In stock form, the '60E also has many 2-4 band issues. The stock "Corvette" servo is just not adequate to apply or hold the band. Yes, all LT1 / LS1 F-Bodies already have "Corvette" servos from the factory! The billet servo has much more apply area. This gives a better 2nd shift, and as a result of the 3rd accumulator being eliminated, it helps the 3-4 clutches, as mentioned earlier. Along with the billet 2nd servo, we also use a billet "dual piston" "Super Hold" 4th servo. It gives twice the holding power in 4th gear. We use the pair of billet servos in all of our "Race" and "Pro Race" rebuilds. The worst case scenario is if the band goes to the point where it ruins the reverse housing. The band wraps around this housing, and stops it from rotating in 2nd and 4th. If the band builds excessive heat, it will warp (dish) the band surface of the drum. If you try putting a new band on that drum, it will burn up the outside edges and not touch in the middle. If the band goes to the point where the material comes off, it will gouge the drum surface, also rendering it useless. Some builders use "cut" drums. This means the drums are turned on a lathe to make them flat again. We prefer to use new Gm drums to prevent any problems with servo pin length. If you turn the drum, you need a longer servo pin.

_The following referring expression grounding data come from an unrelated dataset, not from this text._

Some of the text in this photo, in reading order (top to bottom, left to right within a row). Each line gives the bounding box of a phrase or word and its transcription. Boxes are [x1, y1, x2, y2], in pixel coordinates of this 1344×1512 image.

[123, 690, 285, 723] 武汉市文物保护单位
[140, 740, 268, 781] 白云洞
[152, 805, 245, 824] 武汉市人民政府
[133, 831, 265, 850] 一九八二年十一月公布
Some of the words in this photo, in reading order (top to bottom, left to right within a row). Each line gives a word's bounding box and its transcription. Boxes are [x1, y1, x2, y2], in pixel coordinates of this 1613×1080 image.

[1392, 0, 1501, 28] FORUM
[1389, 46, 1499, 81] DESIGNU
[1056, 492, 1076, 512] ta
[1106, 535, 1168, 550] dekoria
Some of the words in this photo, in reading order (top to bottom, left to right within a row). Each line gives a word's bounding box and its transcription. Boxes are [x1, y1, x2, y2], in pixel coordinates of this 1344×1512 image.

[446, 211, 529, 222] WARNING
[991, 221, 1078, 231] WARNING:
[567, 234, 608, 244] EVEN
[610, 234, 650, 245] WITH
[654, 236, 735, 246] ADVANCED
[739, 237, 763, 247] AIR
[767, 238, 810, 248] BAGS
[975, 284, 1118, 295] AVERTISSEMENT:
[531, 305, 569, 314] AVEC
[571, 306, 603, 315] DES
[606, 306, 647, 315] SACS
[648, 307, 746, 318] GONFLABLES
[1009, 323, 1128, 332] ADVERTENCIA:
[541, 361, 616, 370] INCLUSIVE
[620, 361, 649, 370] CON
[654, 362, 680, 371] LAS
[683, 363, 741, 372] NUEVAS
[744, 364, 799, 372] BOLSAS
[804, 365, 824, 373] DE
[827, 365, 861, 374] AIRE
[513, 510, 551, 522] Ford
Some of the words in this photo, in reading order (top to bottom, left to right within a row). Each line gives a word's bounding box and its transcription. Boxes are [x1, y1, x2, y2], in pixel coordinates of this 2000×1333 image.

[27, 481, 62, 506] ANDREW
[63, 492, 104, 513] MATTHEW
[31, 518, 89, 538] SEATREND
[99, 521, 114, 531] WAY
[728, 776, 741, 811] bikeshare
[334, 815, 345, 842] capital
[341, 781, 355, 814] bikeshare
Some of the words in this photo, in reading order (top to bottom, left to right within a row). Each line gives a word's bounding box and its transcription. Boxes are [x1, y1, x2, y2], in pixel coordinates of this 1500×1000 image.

The band, itself has alot to do with it's lifespan. There are many different linings available for them. Alto also makes a wider band to give more surface apply area. I see the word "kevlar" thrown around alot, when talking about bands. Kevlar is just too hard of a material to hold up for a 2-4 band. The alto "red", or the "high energy" linings work much better. As far as I know, nobody makes a wide band with the "High Energy" lining. We have had them specially made, though. Stock (and many aftermarket) bands have weak anchors that are prone to ripping out. The Alto anchors are reinforced.
Some may have encountered input shaft / input drum failure. This is not the transmissions fault...It's the torque converters. Some converter manufacturers subscribe to the theory that it's OK to remove the lock-up clutch damper in the converter. Yes, this makes lock-up apply firmer, but it transfers too much stress through the input shaft / drum. I've seen the "Band-Aid on a bullet wound" fixes for this, such as a steel sleeve around the splined area of the input drum, in the over-run piston area. We just did one that had one of those drums in it. The whole center of the drum was broken out. Sure enough, we had the Art Carr converter cut, and they eliminated the damper. There's no reason to reinvent the wheel...Just put the right converter in them.
700 / 4L60E's very rarely break planetaries. There are 5 pinion planetaries available, but they're not necessary. When a planet goes, it's usually because the needle bearing under the pinion gears goes, and sheds debris through the gears. The 5 pinion uses a needle bearing in that location, also...so they're just as prone to failure as a 4 pinion. The 5 pinions are a little heavier, too. We offer 5 pinion planets as an option, but I usually warn the customers that they're not necessary.
The bushings in the pump stators have a habit of wearing. This allows contact between the input shaft and the stator, which wear out the teflon rings on the input shaft, which will cause serious crossleaks.
The aluminum input (forward) piston has a habit of cracking. We offer a late steel piston set as an update. This update replaces all 3 of the aluminum pistons in the input drum with steel replacements, as well as the 2 spring packs that are different.
Sun shells are notorious for breaking in 60E's. Strangely, we see this more in trucks, not F-Bodies. We replace the shells with "The Beast" to prevent any chance of future failure.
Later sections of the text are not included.